• Try it
Please reproduce all of the data exactly as it appears, but skip the pictures.

• Exercise input
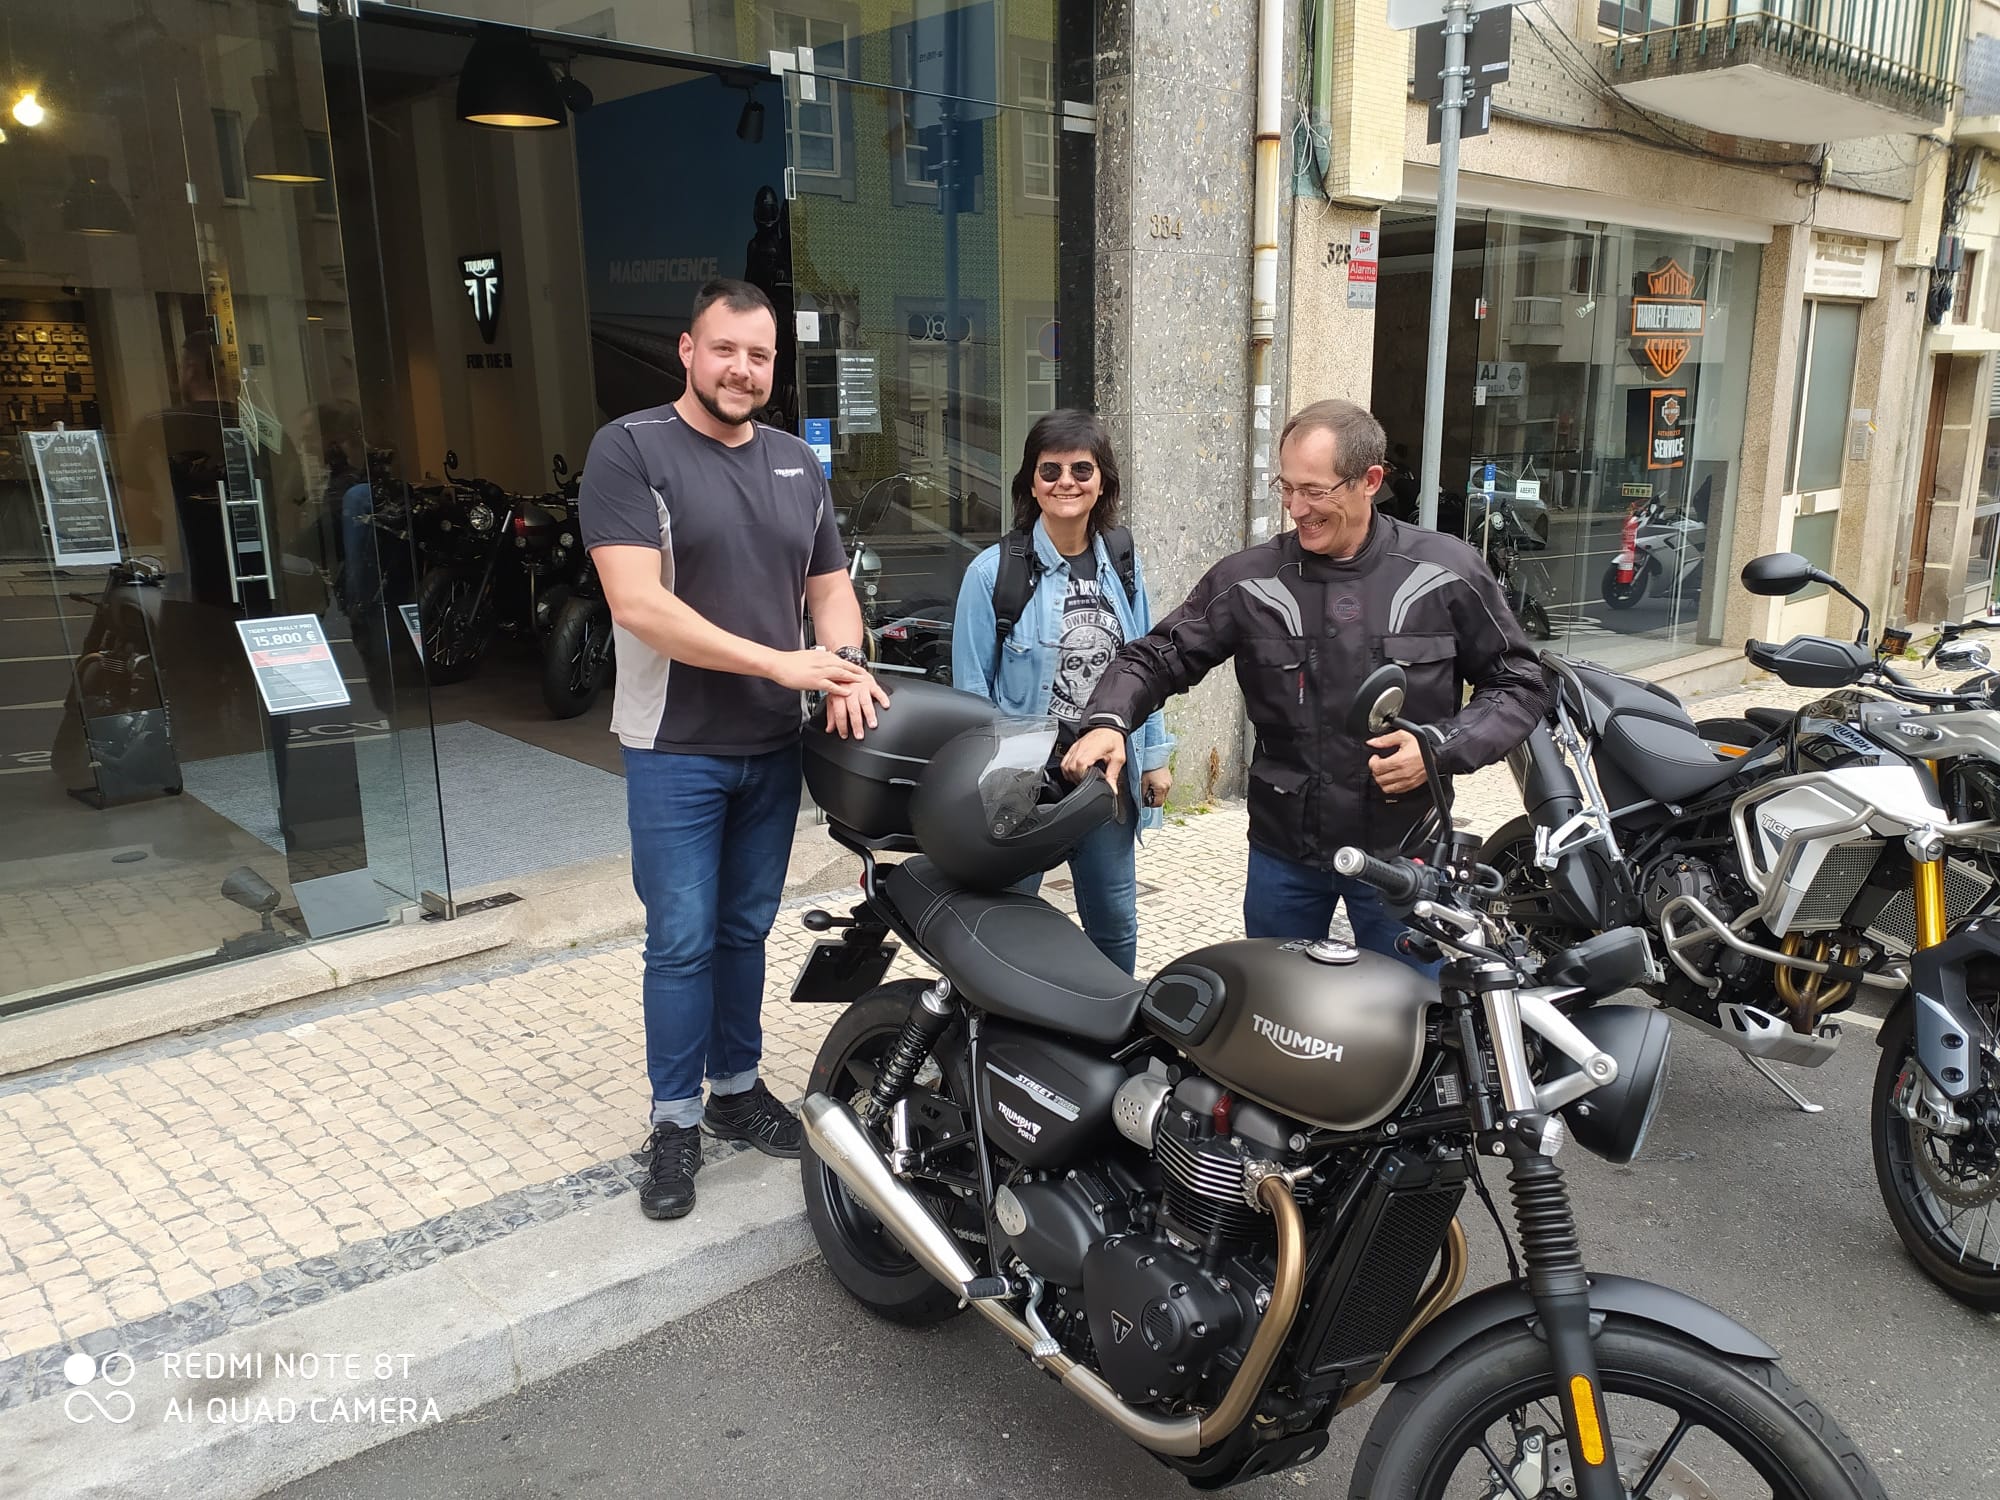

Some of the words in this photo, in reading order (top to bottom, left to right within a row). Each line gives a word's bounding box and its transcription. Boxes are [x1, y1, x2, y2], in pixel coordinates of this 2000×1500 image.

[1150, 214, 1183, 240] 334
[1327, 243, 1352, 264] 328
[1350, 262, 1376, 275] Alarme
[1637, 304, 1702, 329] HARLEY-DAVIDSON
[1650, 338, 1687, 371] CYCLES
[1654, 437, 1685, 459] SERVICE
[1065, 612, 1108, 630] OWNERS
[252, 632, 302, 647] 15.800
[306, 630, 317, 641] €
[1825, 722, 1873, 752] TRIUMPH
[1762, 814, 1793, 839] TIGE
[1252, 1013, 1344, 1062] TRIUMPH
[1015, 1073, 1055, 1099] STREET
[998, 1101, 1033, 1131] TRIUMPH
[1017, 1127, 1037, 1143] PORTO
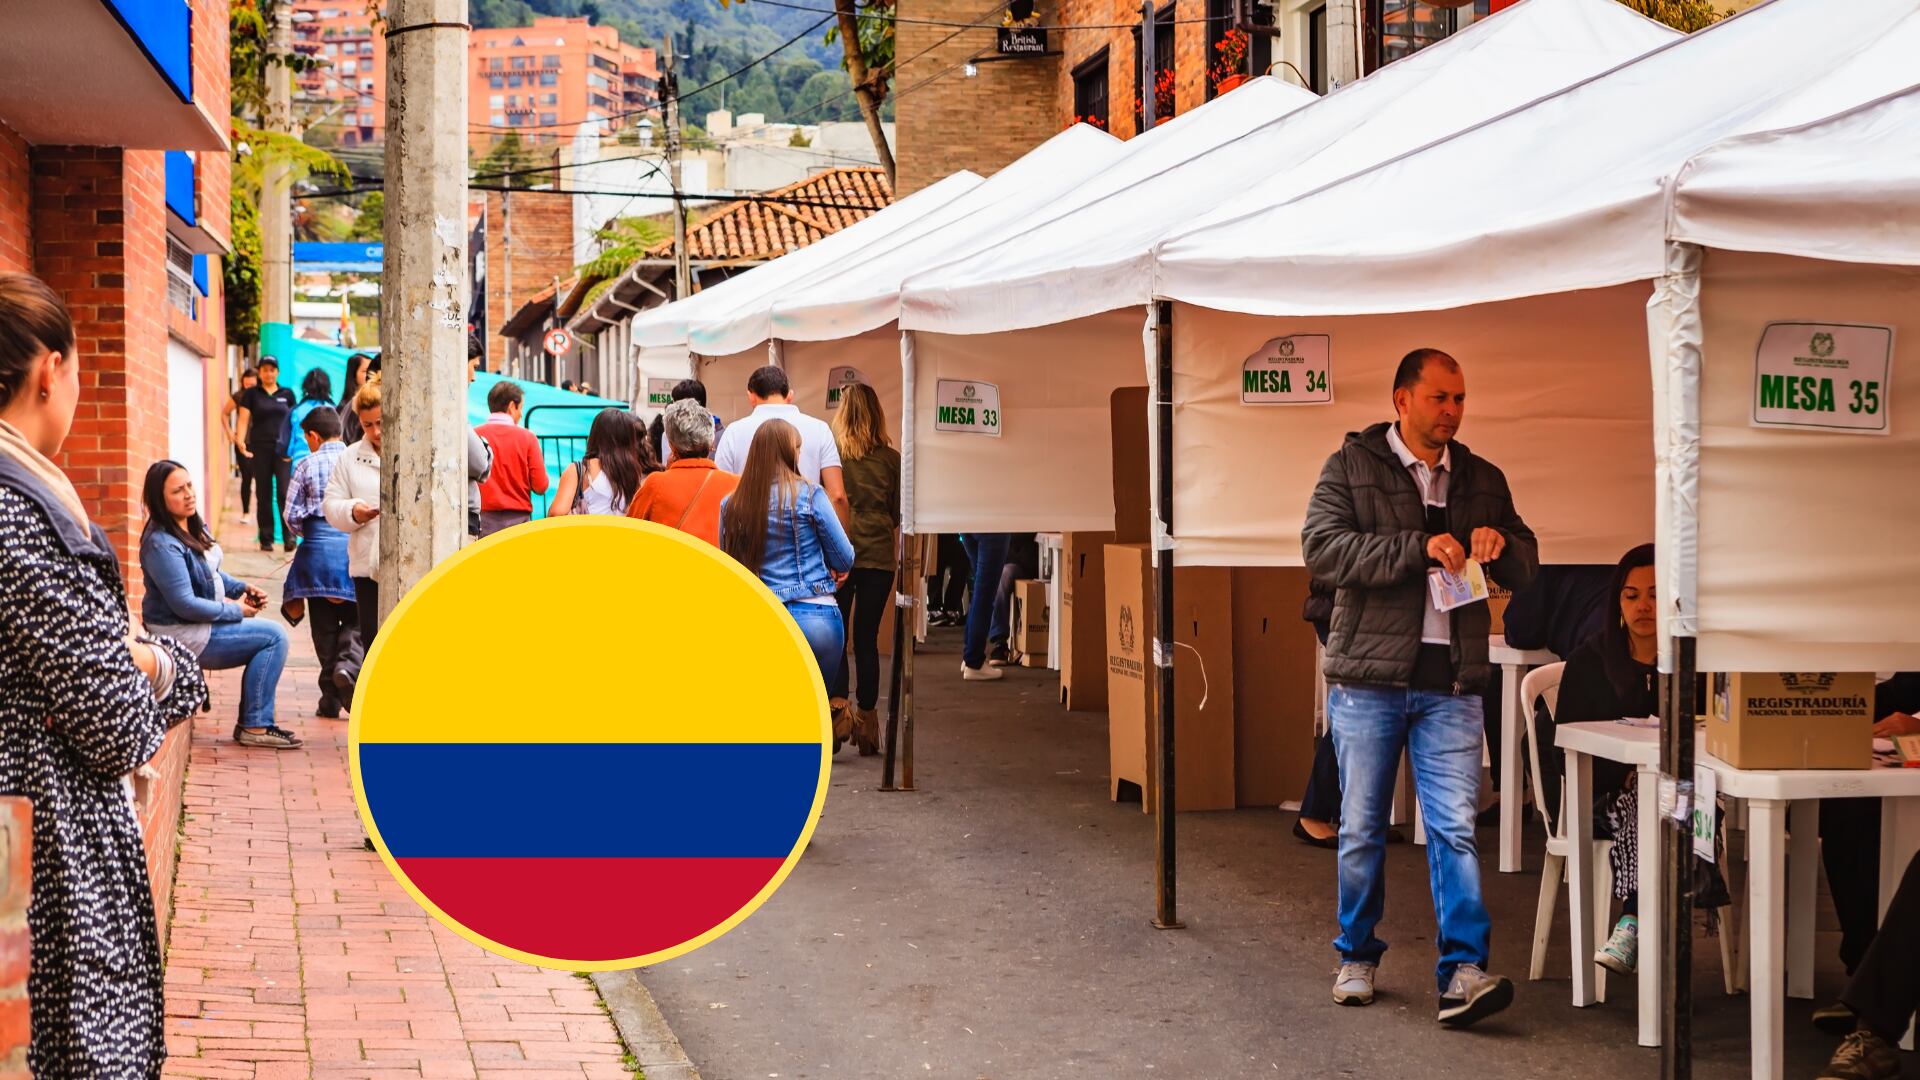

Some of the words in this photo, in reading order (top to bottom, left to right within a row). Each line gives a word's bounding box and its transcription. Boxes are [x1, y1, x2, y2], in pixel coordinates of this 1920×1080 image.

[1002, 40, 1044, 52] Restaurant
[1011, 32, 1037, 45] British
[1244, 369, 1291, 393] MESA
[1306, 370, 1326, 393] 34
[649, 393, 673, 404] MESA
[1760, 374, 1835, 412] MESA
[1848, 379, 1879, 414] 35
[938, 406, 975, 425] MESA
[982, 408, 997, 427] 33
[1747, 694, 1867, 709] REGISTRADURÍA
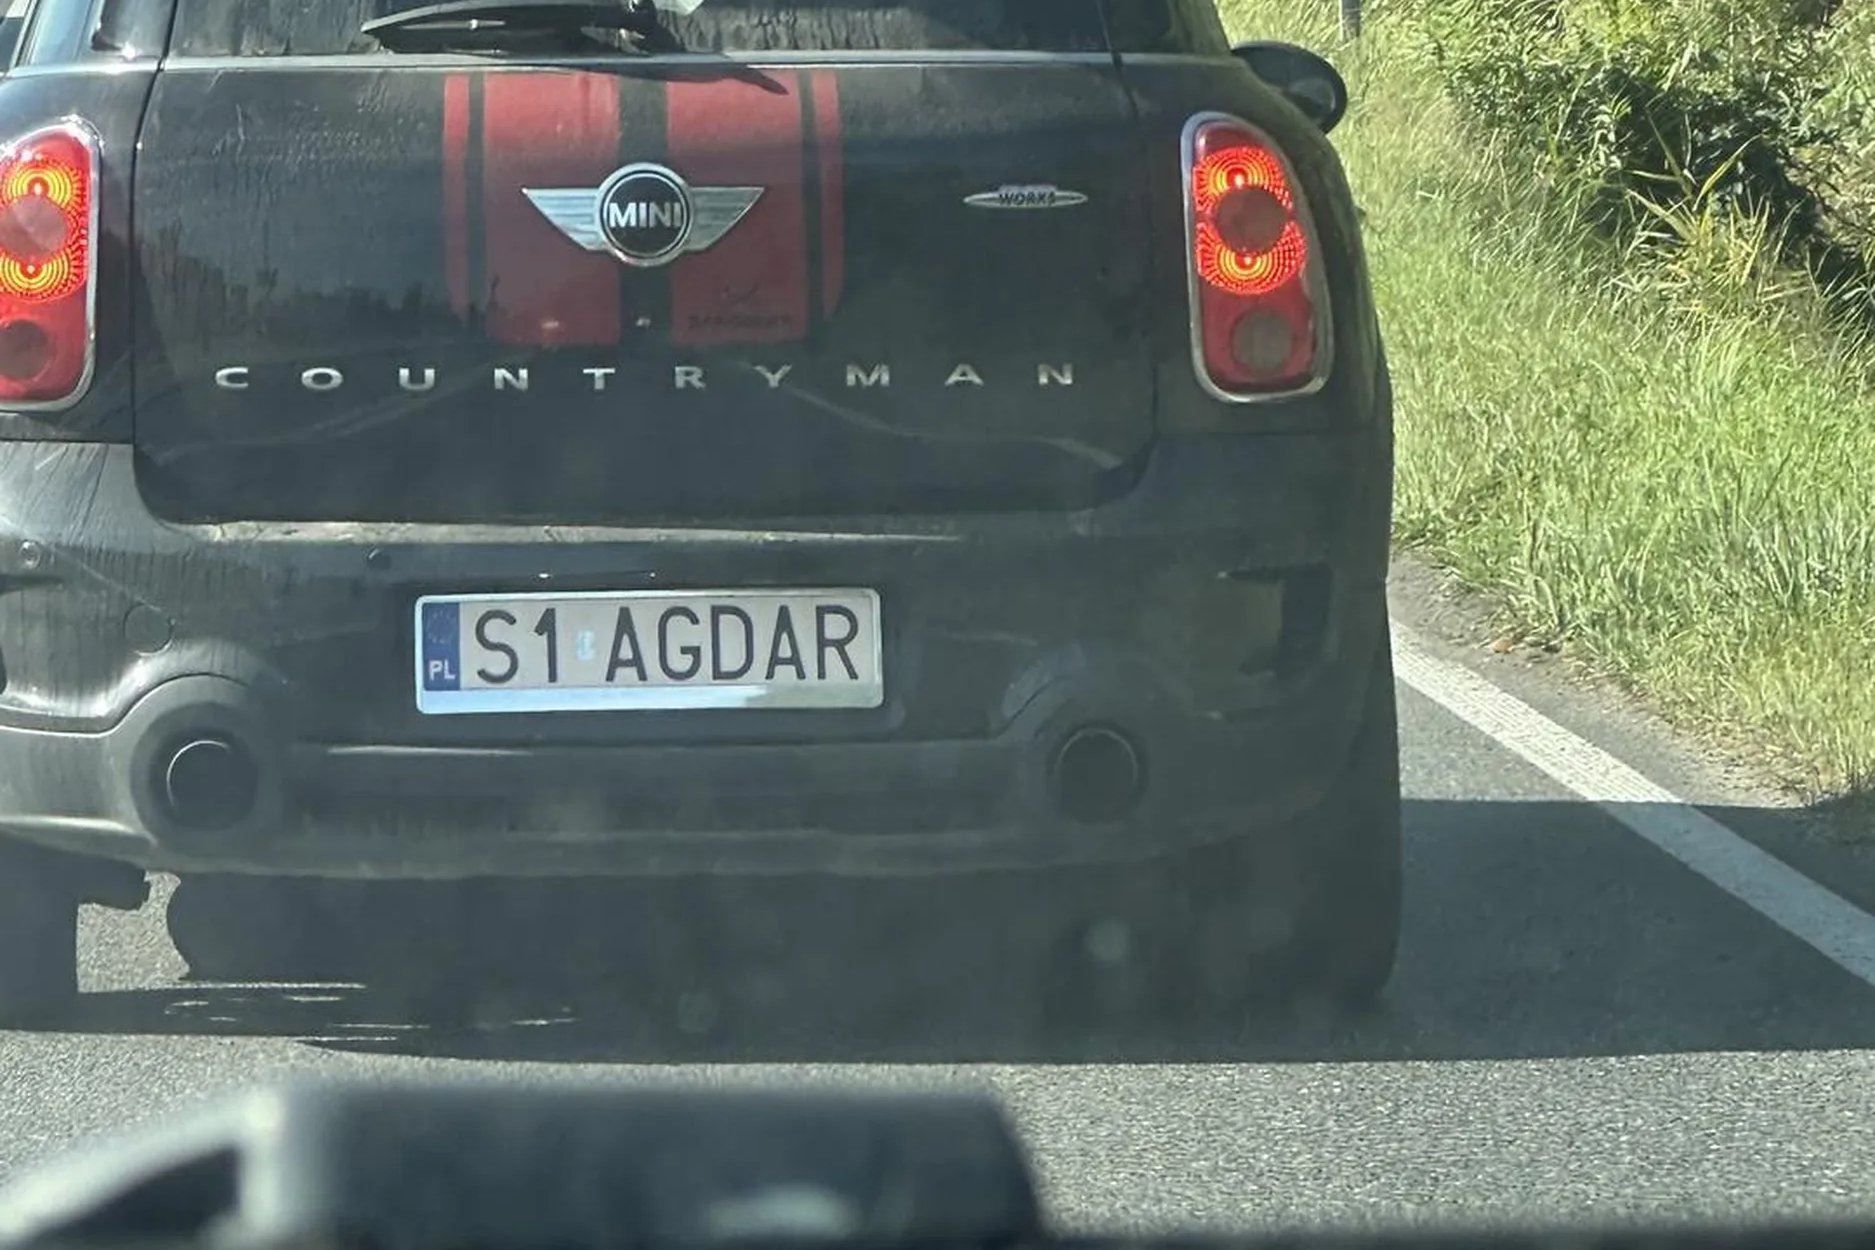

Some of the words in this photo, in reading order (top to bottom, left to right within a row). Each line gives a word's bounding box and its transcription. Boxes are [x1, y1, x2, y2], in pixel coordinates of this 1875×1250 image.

• Result of the exercise
Some of the words in this photo, in reading order (top to bottom, left to right within a row). Each line gives a word's bounding box and its transcription. Boxes are [x1, y1, x2, y2], in pixel coordinates of this 2000×1500 image.

[1150, 214, 1183, 240] 334
[1327, 243, 1352, 264] 328
[1350, 262, 1376, 275] Alarme
[1637, 304, 1702, 329] HARLEY-DAVIDSON
[1650, 338, 1687, 371] CYCLES
[1654, 437, 1685, 459] SERVICE
[1065, 612, 1108, 630] OWNERS
[252, 632, 302, 647] 15.800
[306, 630, 317, 641] €
[1825, 722, 1873, 752] TRIUMPH
[1762, 814, 1793, 839] TIGE
[1252, 1013, 1344, 1062] TRIUMPH
[1015, 1073, 1055, 1099] STREET
[998, 1101, 1033, 1131] TRIUMPH
[1017, 1127, 1037, 1143] PORTO

Some of the words in this photo, in reading order (top to bottom, left to right within a row). Each line gives a word's bounding box and its transcription. Boxes are [x1, y1, x2, y2], in pixel coordinates of this 1920×1080 image.

[1002, 40, 1044, 52] Restaurant
[1011, 32, 1037, 45] British
[1244, 369, 1291, 393] MESA
[1306, 370, 1326, 393] 34
[649, 393, 673, 404] MESA
[1760, 374, 1835, 412] MESA
[1848, 379, 1879, 414] 35
[938, 406, 975, 425] MESA
[982, 408, 997, 427] 33
[1747, 694, 1867, 709] REGISTRADURÍA

Some of the words in this photo, in reading order (top to bottom, left to right within a row). Each line gives a word's bounding box and its transcription. Boxes are [x1, y1, x2, y2], in pixel coordinates of this 1875×1250 image.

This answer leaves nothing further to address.